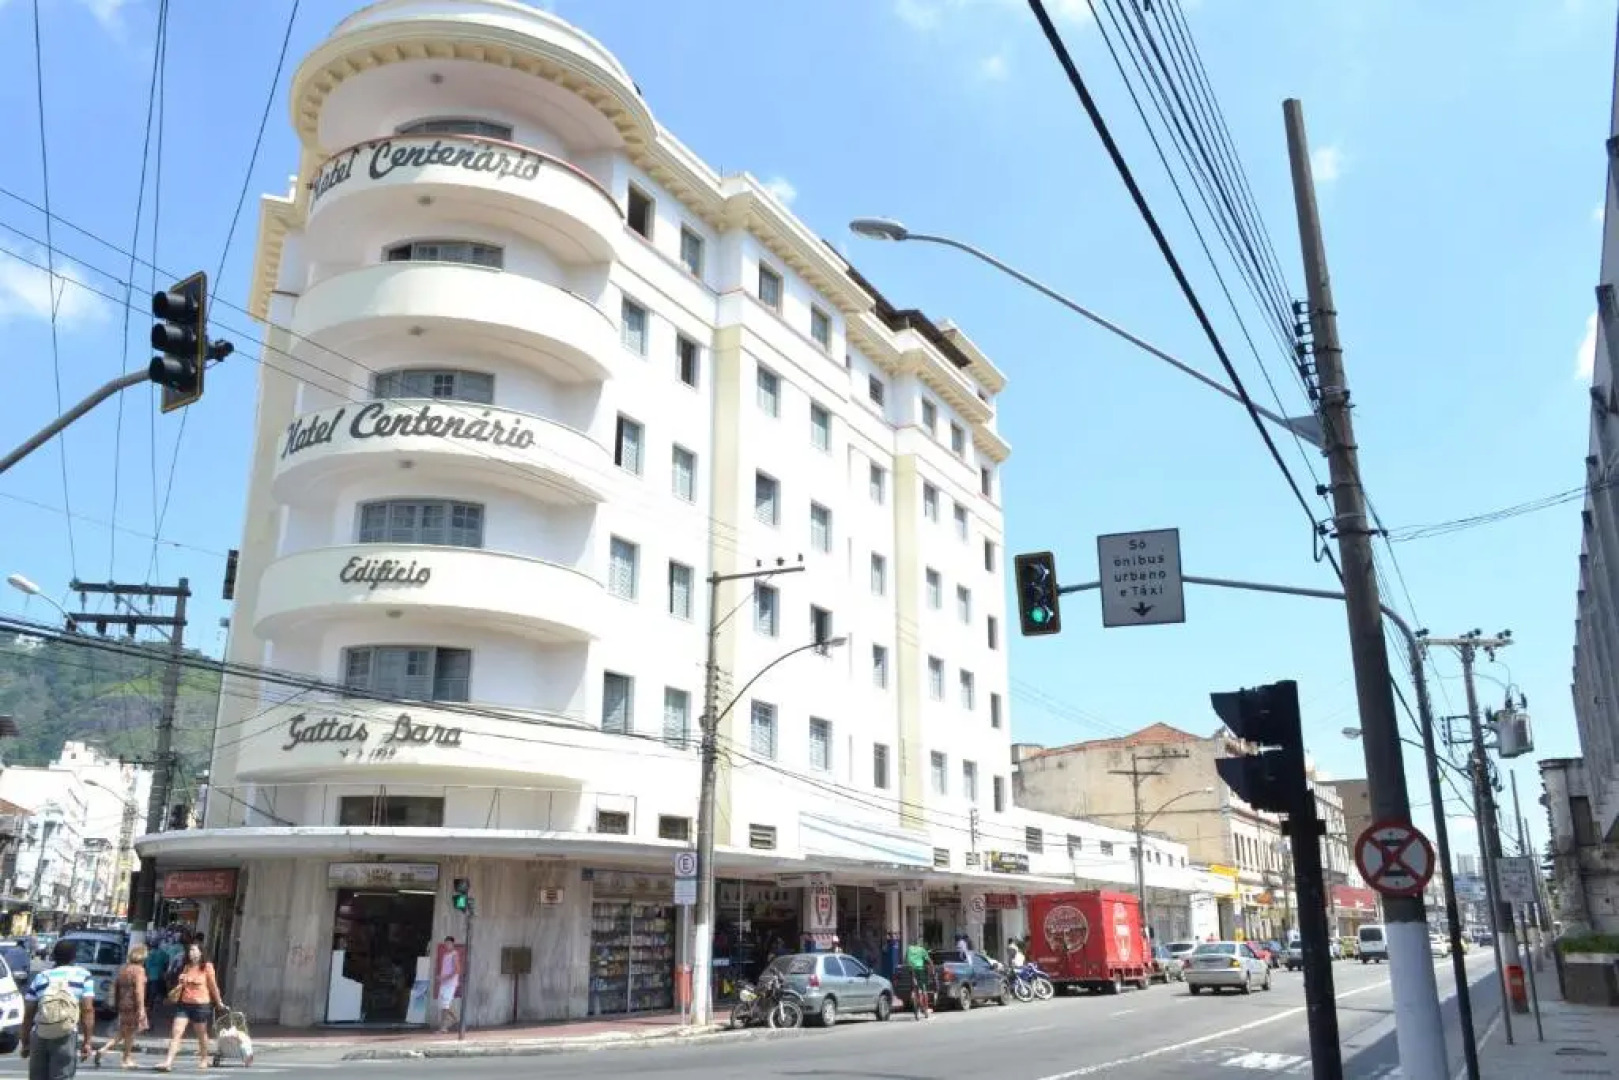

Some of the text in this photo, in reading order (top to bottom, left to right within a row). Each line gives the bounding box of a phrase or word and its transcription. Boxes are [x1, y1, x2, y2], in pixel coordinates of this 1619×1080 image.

[311, 140, 542, 205] Hotel Centenário
[281, 402, 535, 460] Hotel Centenário
[1129, 540, 1147, 551] Só
[1114, 570, 1167, 583] urbano
[1120, 589, 1127, 597] e
[682, 858, 690, 871] E
::::::
What is needed is a word-for-word copy of the data above, free of any images.

## Exercise answer
Some of the text in this photo, in reading order (top to bottom, left to right within a row). Each line gives the bounding box of a phrase or word and its transcription. Boxes are [x1, y1, x2, y2], in pixel coordinates of this 1619×1080 image.

[311, 140, 542, 205] Hotel Centenário
[281, 402, 535, 460] Hotel Centenário
[1129, 540, 1147, 551] Só
[1114, 570, 1167, 583] urbano
[1120, 589, 1127, 597] e
[682, 858, 690, 871] E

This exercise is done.